People use encryption to change readable text, also called plaintext, into an unreadable secret format, called ciphertext. Encrypting data provides additional benefits besides protecting the confidentiality of a message. These advantages include ensuring that messages have not been altered during transit and verifying the identity of the sender. All of these benefits can be realized by using any of these three encryption methods.

Hashing Encryption

The first encryption method, called hashing, creates a unique and fixed-length signature for a message or data set. Hashes are created with an algorithm, or hash function, and people commonly use them to compare sets of data. Since a hash is unique to a specific message, even minor changes to that message result in a dramatically different hash, thereby alerting a user to potential tampering.

A key difference between hashing and the other two encryption methods is that once the data is encrypted, the process cannot be reversed or deciphered. This means that even if a potential attacker were able to obtain a hash, they would not be able to use a decryption method to discover the contents of the original message. Some common hashing algorithms are Message Digest 5 (MD5) and Secure Hashing Algorithm (SHA).

Symmetric Methods

Symmetric cryptography, also called private-key cryptography, is one of the oldest and most secure encryption methods. The term “private key” comes from the fact that the key used to encrypt and decrypt data must remain secure because anyone with access to it can read the coded messages. A sender encodes a message into ciphertext using a key, and the receiver uses the exact same key to decode it.

People can use this encryption method as either a “stream” cipher or a “block” cipher, depending on the amount of data being encrypted or decrypted at a time. A stream cipher encrypts data one character at a time as it is sent or received, while a block cipher processes fixed chunks of data. Common symmetric encryption algorithms include Data Encryption Standard (DES), Advanced Encryption Standard (AES), and International Data Encryption Algorithm (IDEA).

Asymmetric Forms

Asymmetric, or public key cryptography is potentially more secure than symmetric methods of encryption. This type of cryptography uses two keys, a “private” key and a “public key”, to perform encryption and decryption. The use of two keys overcomes a major weakness in symmetric key cryptography, since a single key does not need to be securely managed among multiple users. Public-key encryption was first described in a secret document in 1973, before then all encryption schemes were symmetric-key.
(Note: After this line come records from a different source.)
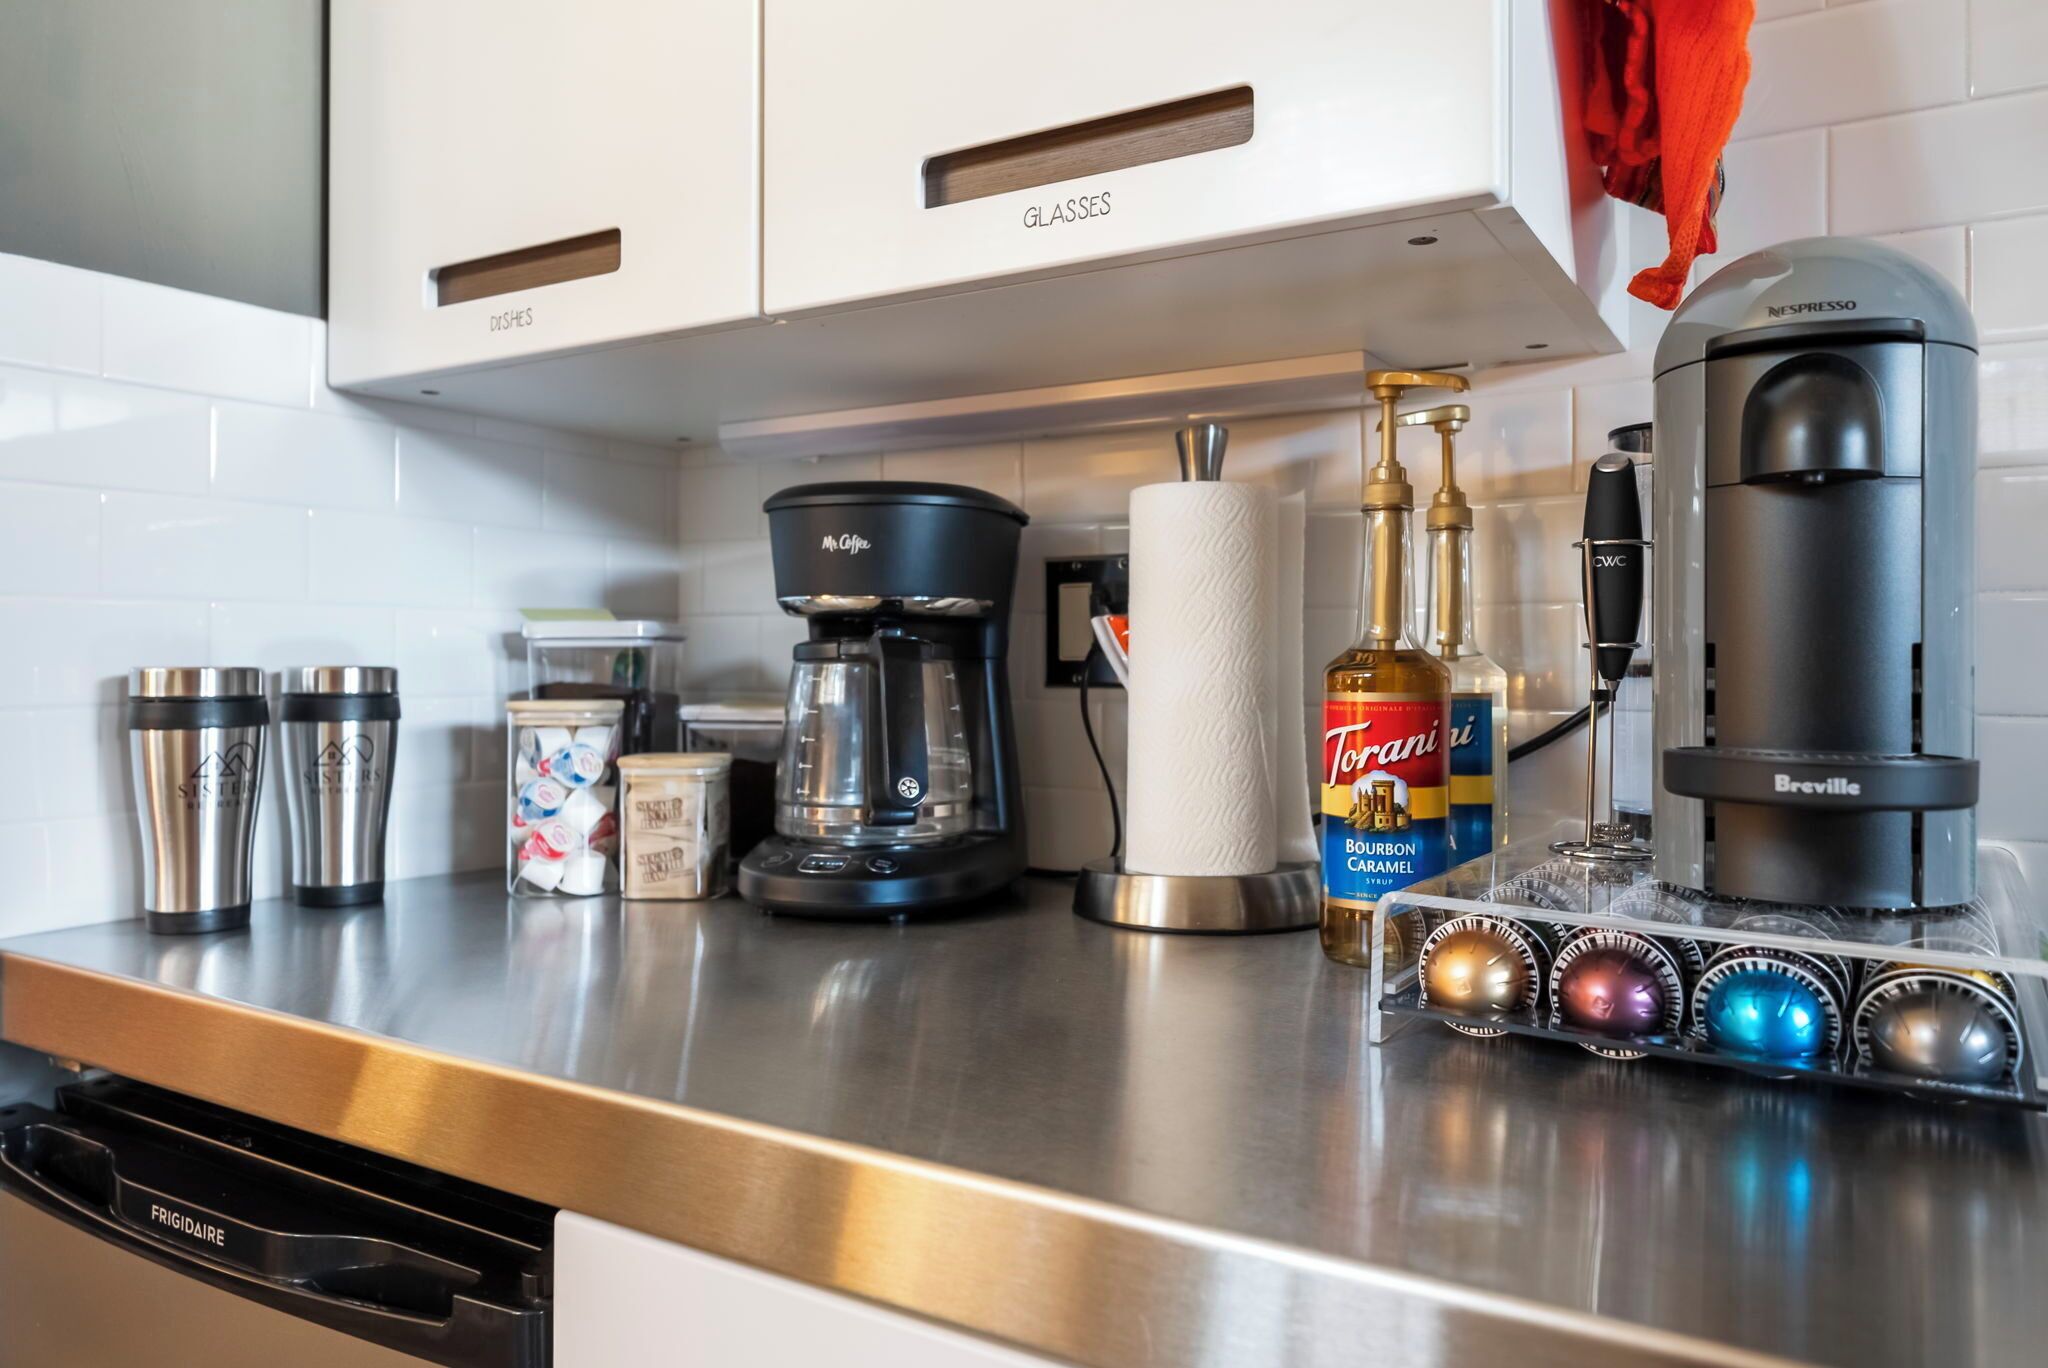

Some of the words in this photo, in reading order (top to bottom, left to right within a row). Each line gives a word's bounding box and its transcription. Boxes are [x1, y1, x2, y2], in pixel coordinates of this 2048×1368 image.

[1023, 192, 1111, 228] GLASSES
[490, 307, 533, 331] DISHES
[1765, 300, 1857, 318] NESPRESSO
[839, 533, 872, 555] Coffee
[1592, 555, 1627, 567] CWC
[1325, 719, 1439, 788] Torani
[304, 768, 382, 785] SISTRS
[1774, 773, 1861, 796] Breville
[1345, 838, 1416, 857] BOURBON
[1347, 856, 1415, 875] CARAMEL
[1365, 877, 1393, 886] SYRUP
[151, 1204, 225, 1247] FRIGIDAIRE
In asymmetric cryptography, a public key is freely available to everyone and used to encrypt messages before sending them. A different, private key remains with the receiver of ciphertext messages, who uses it to decrypt them. Algorithms that use public key encryption methods include RSA and Diffie-Hellman.

Symmetric Algorithms Available

AES Encryption

AES stands for Advanced Encryption Standard. AES is a symmetric key encryption technique which replaces the commonly used Data Encryption Standard (DES). It was the result of a worldwide call for submissions of encryption algorithms issued by the US Government’s National Institute of Standards and Technology (NIST) in 1997 and completed in 2000.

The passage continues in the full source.